(Saved entries)
§

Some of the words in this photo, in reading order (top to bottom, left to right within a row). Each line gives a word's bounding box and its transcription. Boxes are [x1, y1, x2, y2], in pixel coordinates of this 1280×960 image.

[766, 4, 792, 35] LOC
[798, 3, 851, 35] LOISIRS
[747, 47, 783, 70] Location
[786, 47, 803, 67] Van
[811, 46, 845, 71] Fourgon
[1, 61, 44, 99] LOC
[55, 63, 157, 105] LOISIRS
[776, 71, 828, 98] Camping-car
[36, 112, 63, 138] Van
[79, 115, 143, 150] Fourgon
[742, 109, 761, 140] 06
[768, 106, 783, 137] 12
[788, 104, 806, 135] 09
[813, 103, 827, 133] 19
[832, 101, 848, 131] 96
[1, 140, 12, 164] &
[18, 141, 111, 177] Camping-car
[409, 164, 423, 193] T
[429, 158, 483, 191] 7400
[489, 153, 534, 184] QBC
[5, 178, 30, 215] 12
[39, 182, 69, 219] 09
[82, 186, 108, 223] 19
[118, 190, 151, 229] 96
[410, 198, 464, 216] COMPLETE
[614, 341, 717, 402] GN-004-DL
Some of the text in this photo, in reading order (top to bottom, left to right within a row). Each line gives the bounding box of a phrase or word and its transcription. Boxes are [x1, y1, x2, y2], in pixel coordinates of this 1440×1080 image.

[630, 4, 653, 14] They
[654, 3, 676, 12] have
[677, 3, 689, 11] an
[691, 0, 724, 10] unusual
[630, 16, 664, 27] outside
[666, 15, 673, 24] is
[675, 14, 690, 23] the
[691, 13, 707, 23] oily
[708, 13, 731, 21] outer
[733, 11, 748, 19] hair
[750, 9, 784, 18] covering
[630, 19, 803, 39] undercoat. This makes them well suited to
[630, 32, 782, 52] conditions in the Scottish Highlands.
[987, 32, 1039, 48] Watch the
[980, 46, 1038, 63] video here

§

How to complete this task:
Reproduce the data shown above in its entirety, keeping each word as it is.

Expected answer:
Some of the words in this photo, in reading order (top to bottom, left to right within a row). Each line gives a word's bounding box and its transcription. Boxes are [x1, y1, x2, y2], in pixel coordinates of this 1280×960 image.

[766, 4, 792, 35] LOC
[798, 3, 851, 35] LOISIRS
[747, 47, 783, 70] Location
[786, 47, 803, 67] Van
[811, 46, 845, 71] Fourgon
[1, 61, 44, 99] LOC
[55, 63, 157, 105] LOISIRS
[776, 71, 828, 98] Camping-car
[36, 112, 63, 138] Van
[79, 115, 143, 150] Fourgon
[742, 109, 761, 140] 06
[768, 106, 783, 137] 12
[788, 104, 806, 135] 09
[813, 103, 827, 133] 19
[832, 101, 848, 131] 96
[1, 140, 12, 164] &
[18, 141, 111, 177] Camping-car
[409, 164, 423, 193] T
[429, 158, 483, 191] 7400
[489, 153, 534, 184] QBC
[5, 178, 30, 215] 12
[39, 182, 69, 219] 09
[82, 186, 108, 223] 19
[118, 190, 151, 229] 96
[410, 198, 464, 216] COMPLETE
[614, 341, 717, 402] GN-004-DL
Some of the text in this photo, in reading order (top to bottom, left to right within a row). Each line gives the bounding box of a phrase or word and its transcription. Boxes are [x1, y1, x2, y2], in pixel coordinates of this 1440×1080 image.

[630, 4, 653, 14] They
[654, 3, 676, 12] have
[677, 3, 689, 11] an
[691, 0, 724, 10] unusual
[630, 16, 664, 27] outside
[666, 15, 673, 24] is
[675, 14, 690, 23] the
[691, 13, 707, 23] oily
[708, 13, 731, 21] outer
[733, 11, 748, 19] hair
[750, 9, 784, 18] covering
[630, 19, 803, 39] undercoat. This makes them well suited to
[630, 32, 782, 52] conditions in the Scottish Highlands.
[987, 32, 1039, 48] Watch the
[980, 46, 1038, 63] video here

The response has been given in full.